··· Extracted entries

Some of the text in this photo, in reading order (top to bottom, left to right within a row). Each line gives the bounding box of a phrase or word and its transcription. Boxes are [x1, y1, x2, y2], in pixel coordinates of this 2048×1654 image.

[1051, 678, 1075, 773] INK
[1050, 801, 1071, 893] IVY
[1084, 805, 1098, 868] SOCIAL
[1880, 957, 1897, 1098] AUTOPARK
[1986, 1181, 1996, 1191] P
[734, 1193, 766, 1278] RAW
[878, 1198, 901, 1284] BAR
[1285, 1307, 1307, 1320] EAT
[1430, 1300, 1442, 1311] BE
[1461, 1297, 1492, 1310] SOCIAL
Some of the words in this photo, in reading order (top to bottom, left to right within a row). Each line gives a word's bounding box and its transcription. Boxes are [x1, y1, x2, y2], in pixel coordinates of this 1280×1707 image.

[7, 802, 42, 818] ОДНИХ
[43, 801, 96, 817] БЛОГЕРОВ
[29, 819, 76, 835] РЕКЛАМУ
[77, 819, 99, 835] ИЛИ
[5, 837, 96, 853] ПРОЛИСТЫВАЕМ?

······

Work instruction:
Return the material above in full, exactly as written.

Task solution:
Some of the text in this photo, in reading order (top to bottom, left to right within a row). Each line gives the bounding box of a phrase or word and its transcription. Boxes are [x1, y1, x2, y2], in pixel coordinates of this 2048×1654 image.

[1051, 678, 1075, 773] INK
[1050, 801, 1071, 893] IVY
[1084, 805, 1098, 868] SOCIAL
[1880, 957, 1897, 1098] AUTOPARK
[1986, 1181, 1996, 1191] P
[734, 1193, 766, 1278] RAW
[878, 1198, 901, 1284] BAR
[1285, 1307, 1307, 1320] EAT
[1430, 1300, 1442, 1311] BE
[1461, 1297, 1492, 1310] SOCIAL
Some of the words in this photo, in reading order (top to bottom, left to right within a row). Each line gives a word's bounding box and its transcription. Boxes are [x1, y1, x2, y2], in pixel coordinates of this 1280×1707 image.

[7, 802, 42, 818] ОДНИХ
[43, 801, 96, 817] БЛОГЕРОВ
[29, 819, 76, 835] РЕКЛАМУ
[77, 819, 99, 835] ИЛИ
[5, 837, 96, 853] ПРОЛИСТЫВАЕМ?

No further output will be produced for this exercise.